San Benito como una segunda alternativa

Correspondió al ingeniero René Saavedra, visionario futurista y enamorado de la región planear y llevar a feliz realización la serie de urbanizaciones que en un momento determinado, quizá respondiendo al impuso de don René y sus hermanos y del grupo cívico que secundó sus iniciativas se llegó a construír unas 50 o más viviendas que correspondieron en aquel momento al Gral. Bánzer, al Gral. Pereda, a las autoridades prefecturales, municipales como don Humberto Coronel, algunos ministros de Estado que relativamente pronto le dieron cuerpo a San Benito y surgió como un barrio extra, vacacional y recreativo de Cochabamba.

No vamos a detenernos en los factores poco afortunados de la región, falta de suficiente agua, dificultades económicas en afianzar la infraestructura básica y el menguado entusiasmo de los avencindados en San Benito que dieron por resultado el abandono de los planes originarios.

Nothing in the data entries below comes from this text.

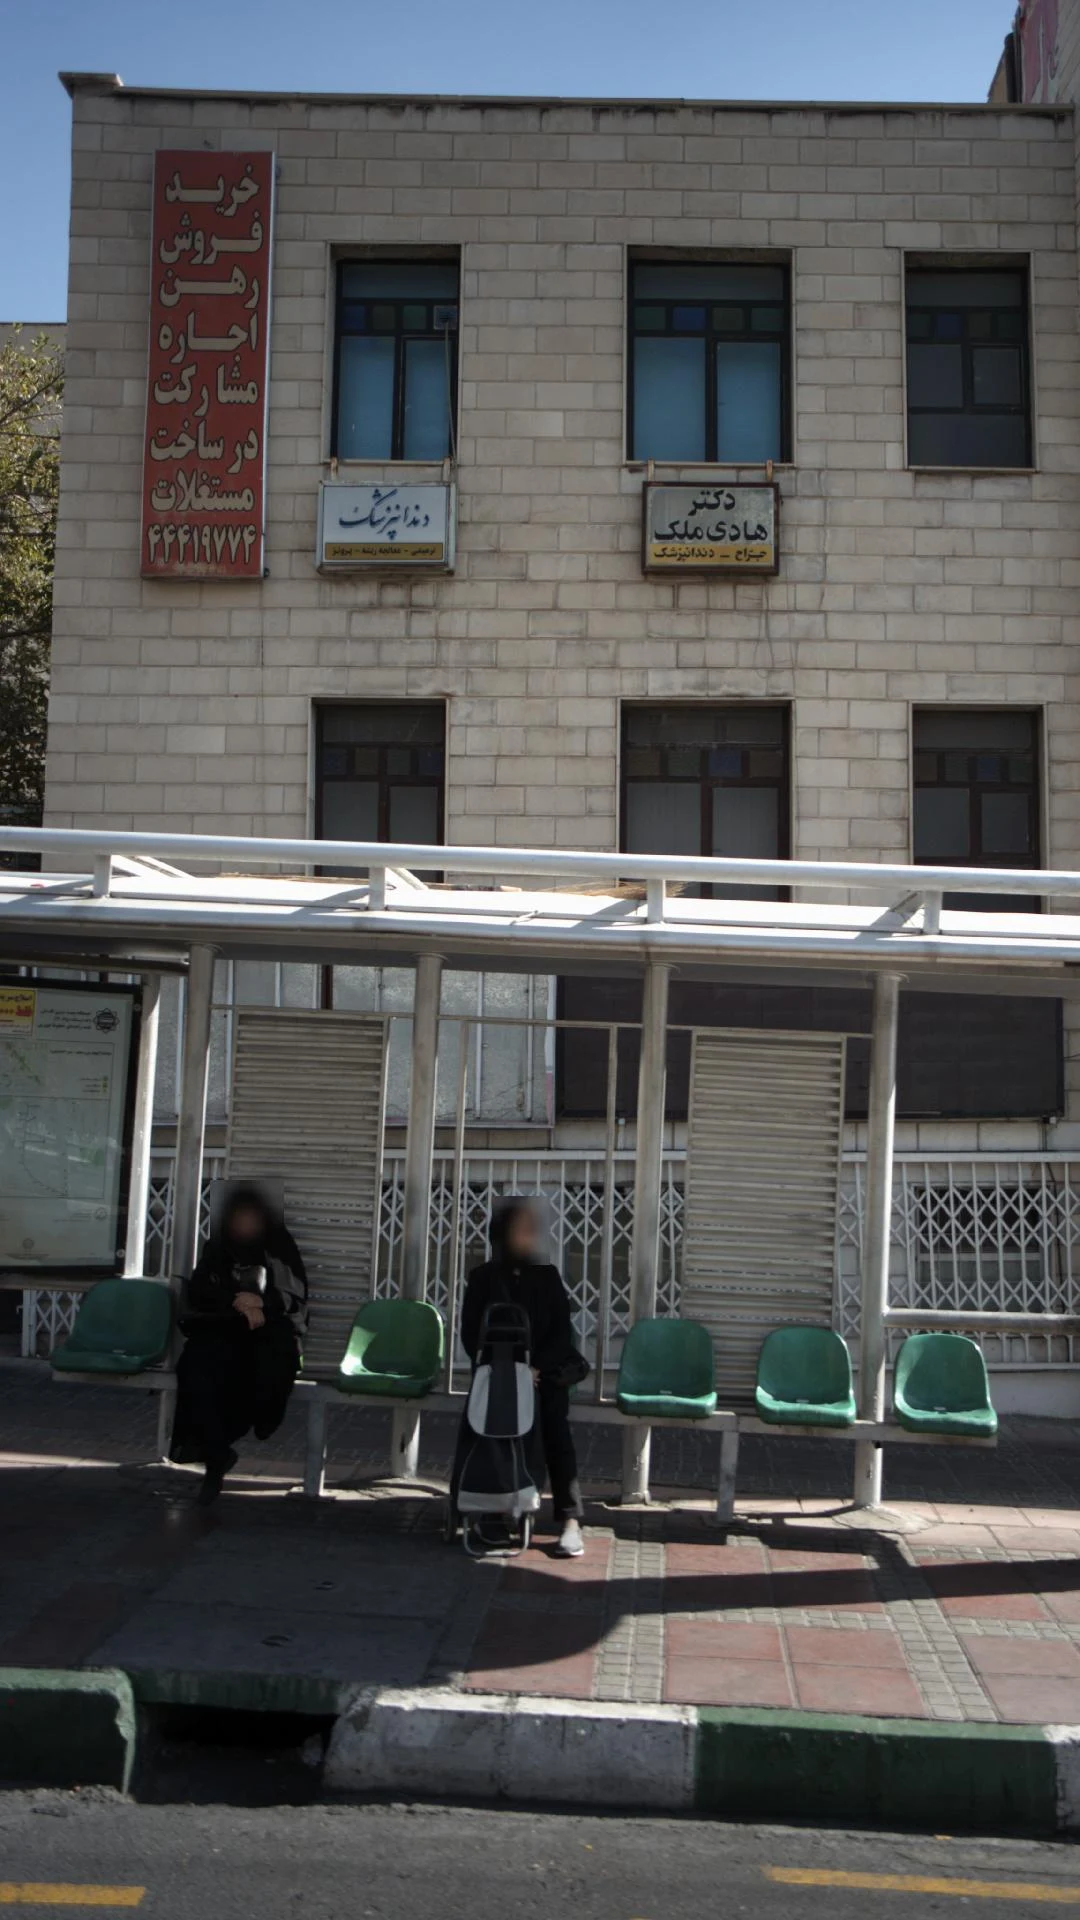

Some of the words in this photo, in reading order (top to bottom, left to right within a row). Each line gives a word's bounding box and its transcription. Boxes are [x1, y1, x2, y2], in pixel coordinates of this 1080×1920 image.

[165, 163, 260, 217] خرید
[159, 209, 264, 265] فروش
[159, 265, 261, 309] رهن
[158, 311, 259, 364] اجاره
[153, 362, 259, 418] مشارکت
[150, 418, 225, 462] ساخت
[226, 428, 259, 475] در
[151, 467, 256, 513] مستغلات
[687, 489, 736, 516] دکتر
[338, 488, 431, 540] دندانپزشک
[654, 520, 704, 541] ملک
[706, 520, 769, 542] هادی
[147, 523, 257, 564] ۴۴۴۱۹۷۷۴
[653, 547, 715, 561] دندانپزشک
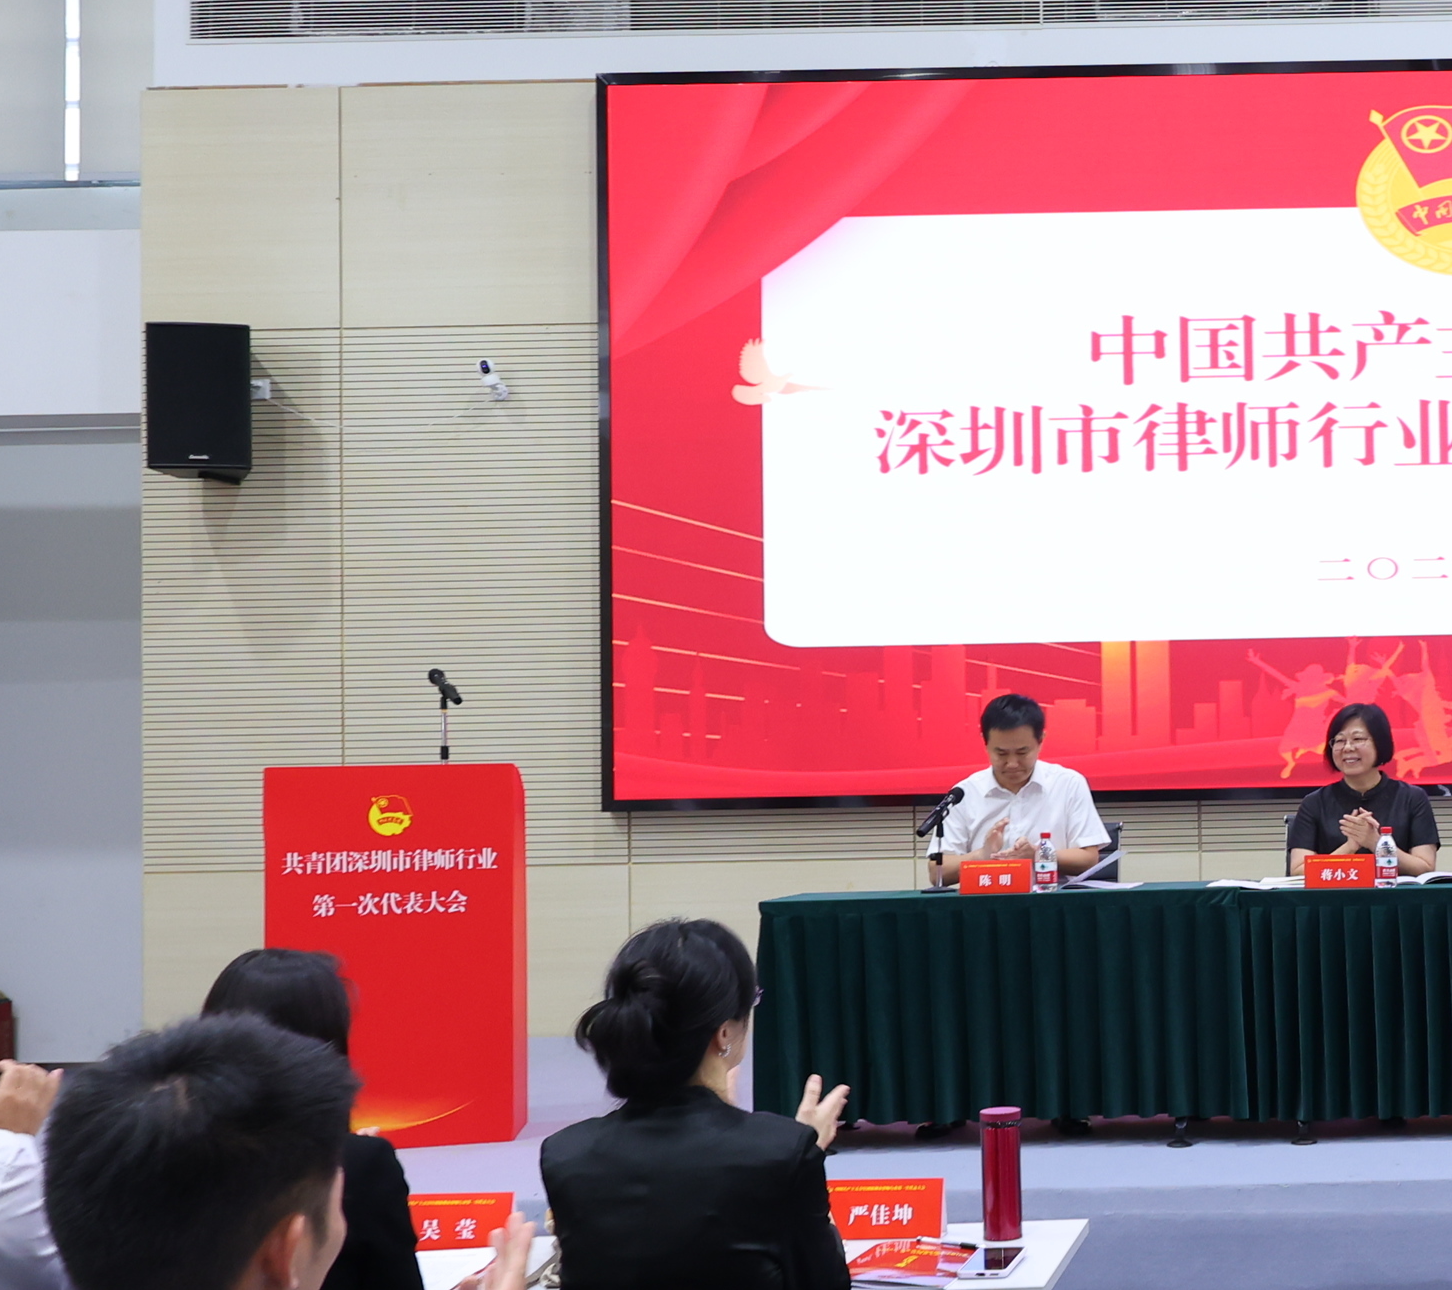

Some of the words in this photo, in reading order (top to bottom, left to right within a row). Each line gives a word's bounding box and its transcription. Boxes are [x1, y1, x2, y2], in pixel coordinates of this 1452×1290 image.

[282, 847, 498, 875] 共青团深圳市律师行业
[312, 890, 468, 918] 第一次代表大会
[848, 1203, 914, 1226] 严佳坤
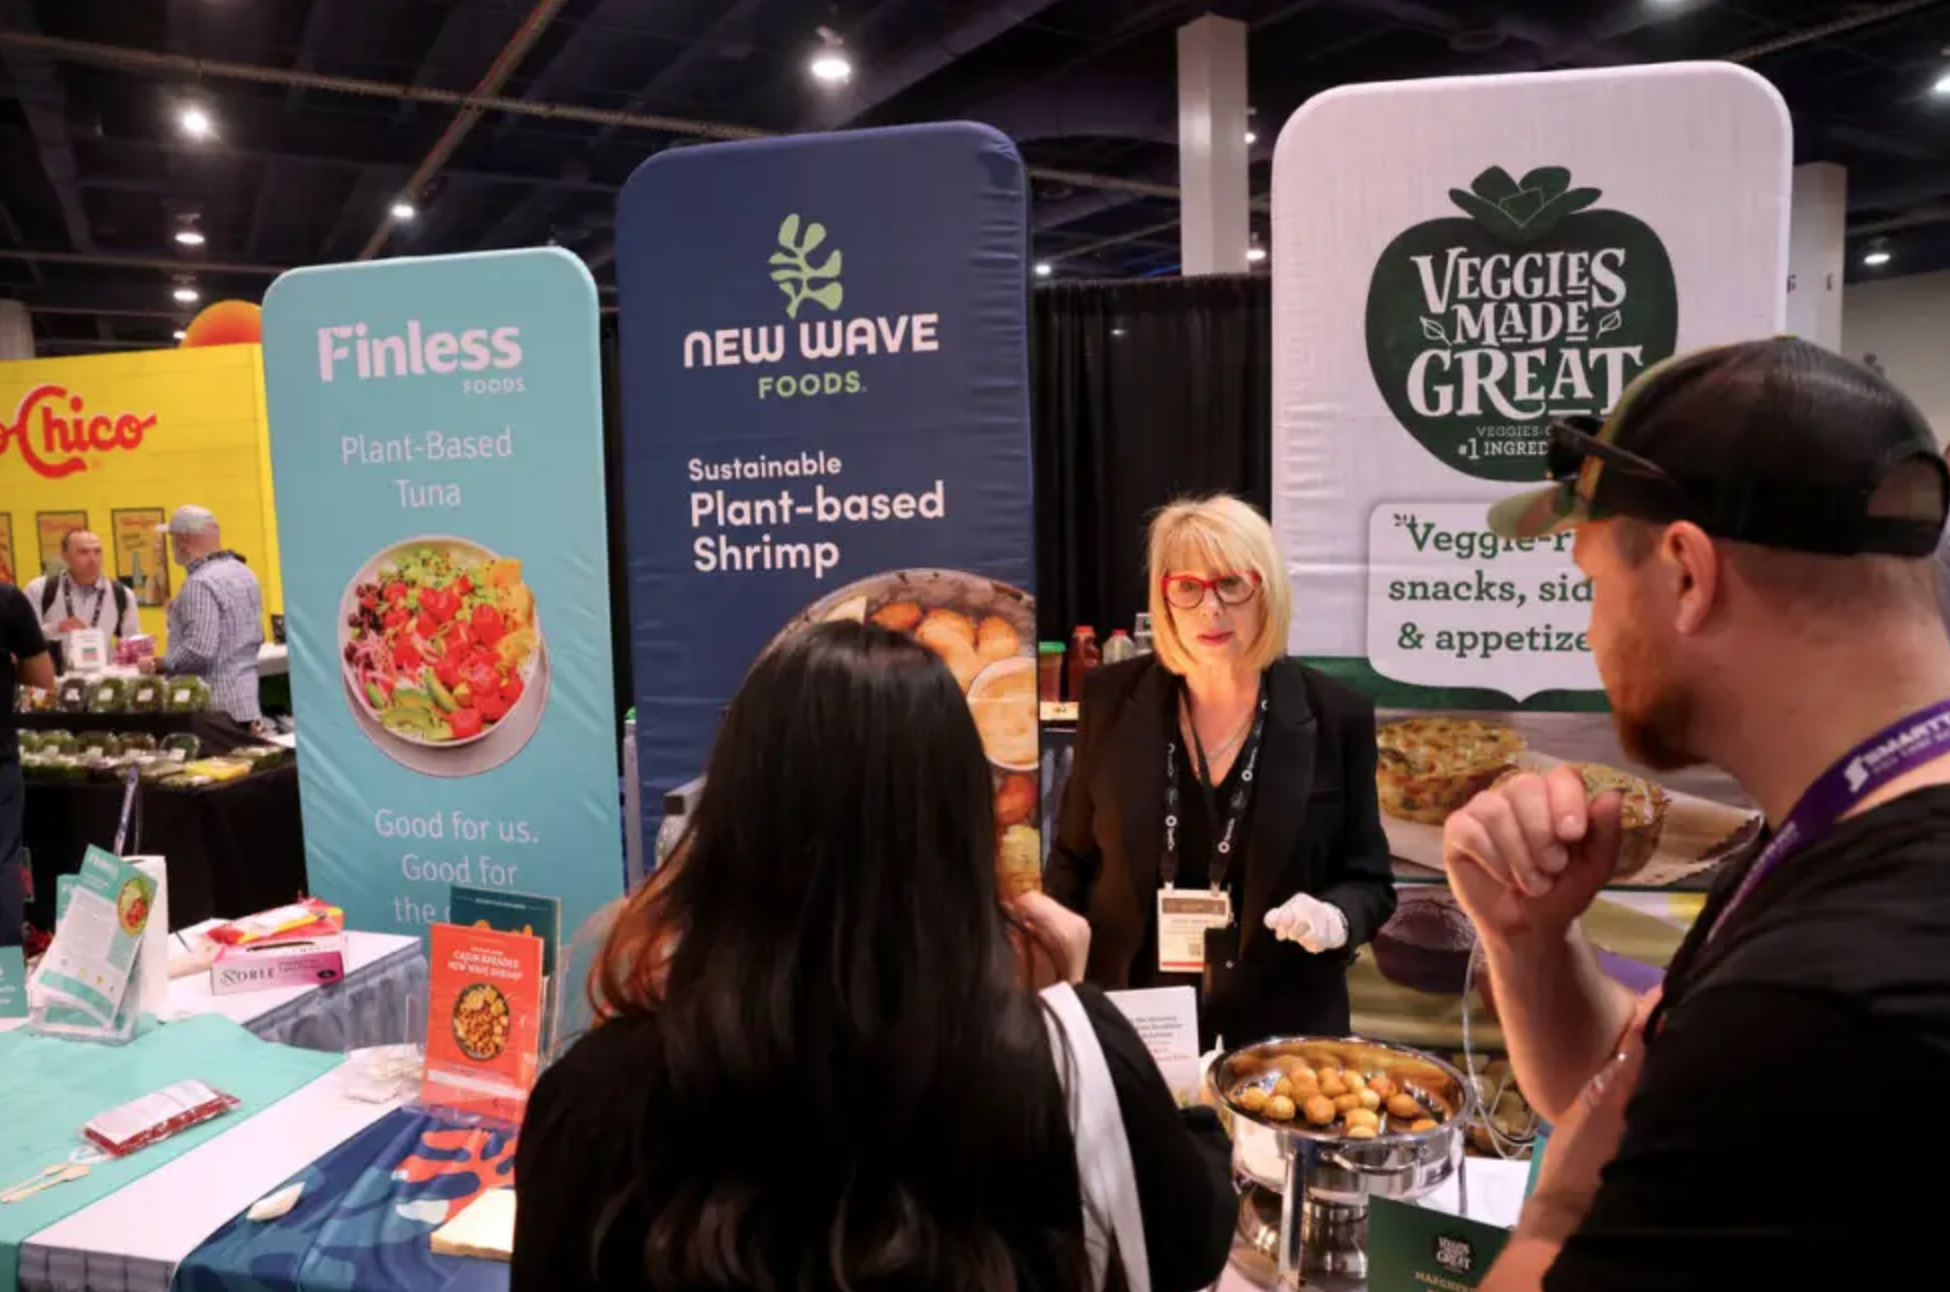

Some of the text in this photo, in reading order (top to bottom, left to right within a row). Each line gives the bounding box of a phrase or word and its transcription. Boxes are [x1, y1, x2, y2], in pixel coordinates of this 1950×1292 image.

[1410, 246, 1627, 315] VEGGIES
[684, 313, 940, 368] NEW WAVE
[1451, 301, 1590, 347] MADE
[317, 319, 523, 383] Finless
[463, 376, 526, 395] FOODS
[1407, 345, 1644, 420] GREAT
[13, 384, 157, 479] Chico
[341, 424, 513, 466] Plant-Based
[1458, 437, 1481, 460] #1
[688, 450, 843, 482] Sustainable
[394, 478, 462, 509] Tuna
[690, 479, 946, 528] Plant-based
[692, 533, 841, 580] Shrimp
[1388, 569, 1526, 608] snacks,
[1397, 621, 1424, 650] &
[374, 808, 539, 845] Good for us.
[402, 853, 518, 886] Good for
[394, 896, 435, 924] the

La Unión de Naciones Sudamericanas, 12 en la actualidad que dieron su aprobación a la idea de Brasil, no están al tanto del Proyecto San Benito porque ni siquiera se armó la presentación del mismo, aparte de enunciado, del acuerdo de los campesinos e interesados de la región y del Presidente que realizó una única visita para reconocer el terreno.

Lamentablemente no se ha difundido un pliego preliminar que podría contener la información básica de los requerimientos iniciales para el funcionamiento del Parlamento Latinoamericano.

Recordamos sí que existen otras sugerencias de sitios ubicados algo más próximos a la ciudad y cuyo gasto en infraestructura no tendría que ser tan colosalmente alto como el propuesto.

Los beneficios descritos de su proximidad a centros militares y hasta la posibilidad de disponer de una pista aérea para facilitar las comunicaciones son realmente importantes, pero no dejan de ser algo a futuro, constreñidos siempre al costo de una infraestructura en agua, comunicaciones, desagues y vías que alejan su factibilidad en comparación con las otras tres ideas posibles.

El tiempo corre y el avanze es lento

Para no perder ésta oportunidad única para Cochabamba y Bolivia de ser la sede efectiva del Parlamento Latinoamericano el trabajo se tiene que acelerar y llegar sin demora a la fase de convocatoria al diseño del Centro con imaginación y fantasía, pero sin utopías irrealizables que en lugar de facilitar su concresión lo alejen de una real posibilidad.